**Task objective**
Leave every picture out and write out the records below exactly.

[Material provided]

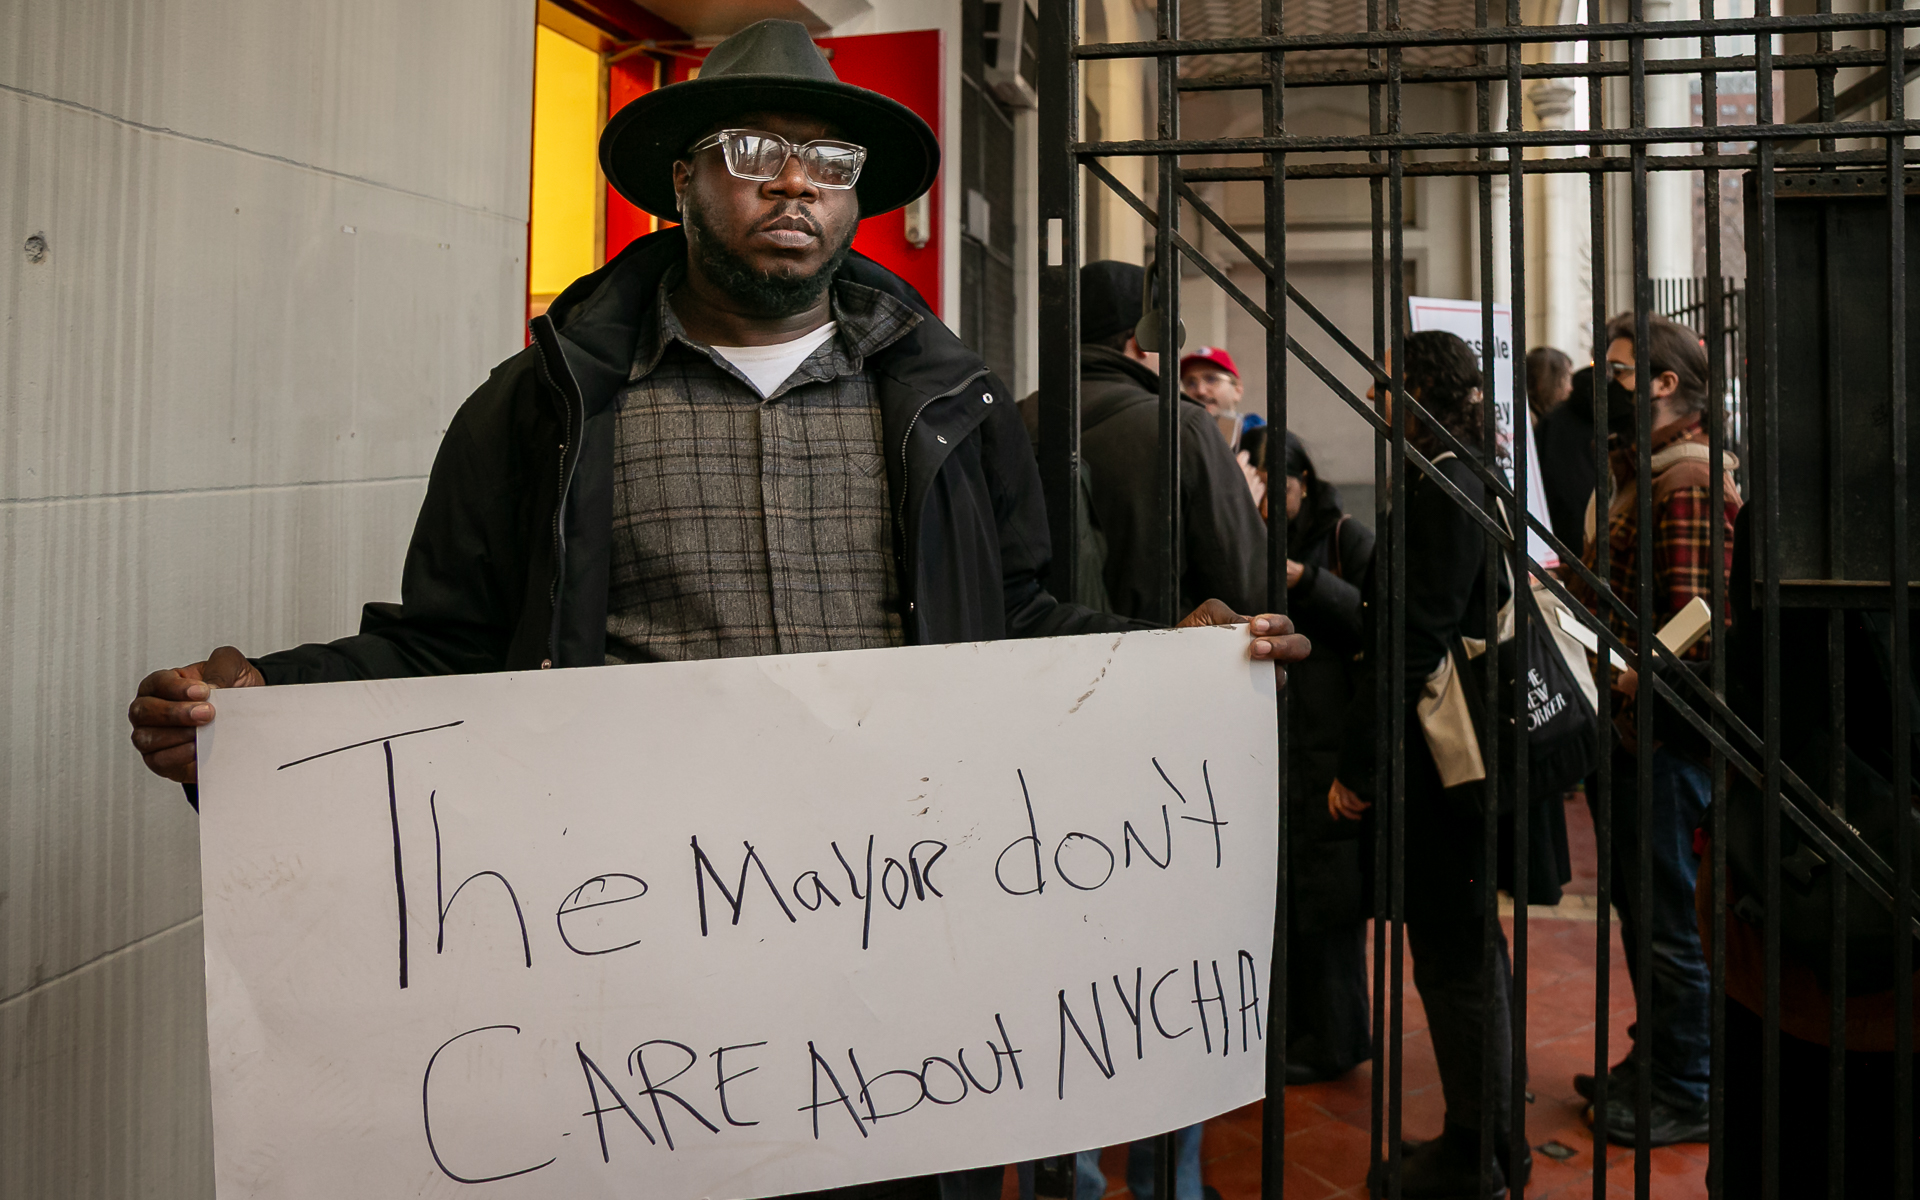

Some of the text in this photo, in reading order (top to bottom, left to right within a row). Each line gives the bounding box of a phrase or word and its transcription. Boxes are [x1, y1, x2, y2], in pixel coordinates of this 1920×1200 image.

[1527, 682, 1549, 710] EW
[1527, 692, 1568, 732] ORKER
[277, 720, 649, 989] The
[422, 1024, 768, 1184] CARE
[1057, 949, 1262, 1100] NYCHA

[/Material provided]

**Exercise output**
Some of the text in this photo, in reading order (top to bottom, left to right within a row). Each line gives the bounding box of a phrase or word and its transcription. Boxes are [x1, y1, x2, y2], in pixel coordinates of this 1920×1200 image.

[1527, 682, 1549, 710] EW
[1527, 692, 1568, 732] ORKER
[277, 720, 649, 989] The
[422, 1024, 768, 1184] CARE
[1057, 949, 1262, 1100] NYCHA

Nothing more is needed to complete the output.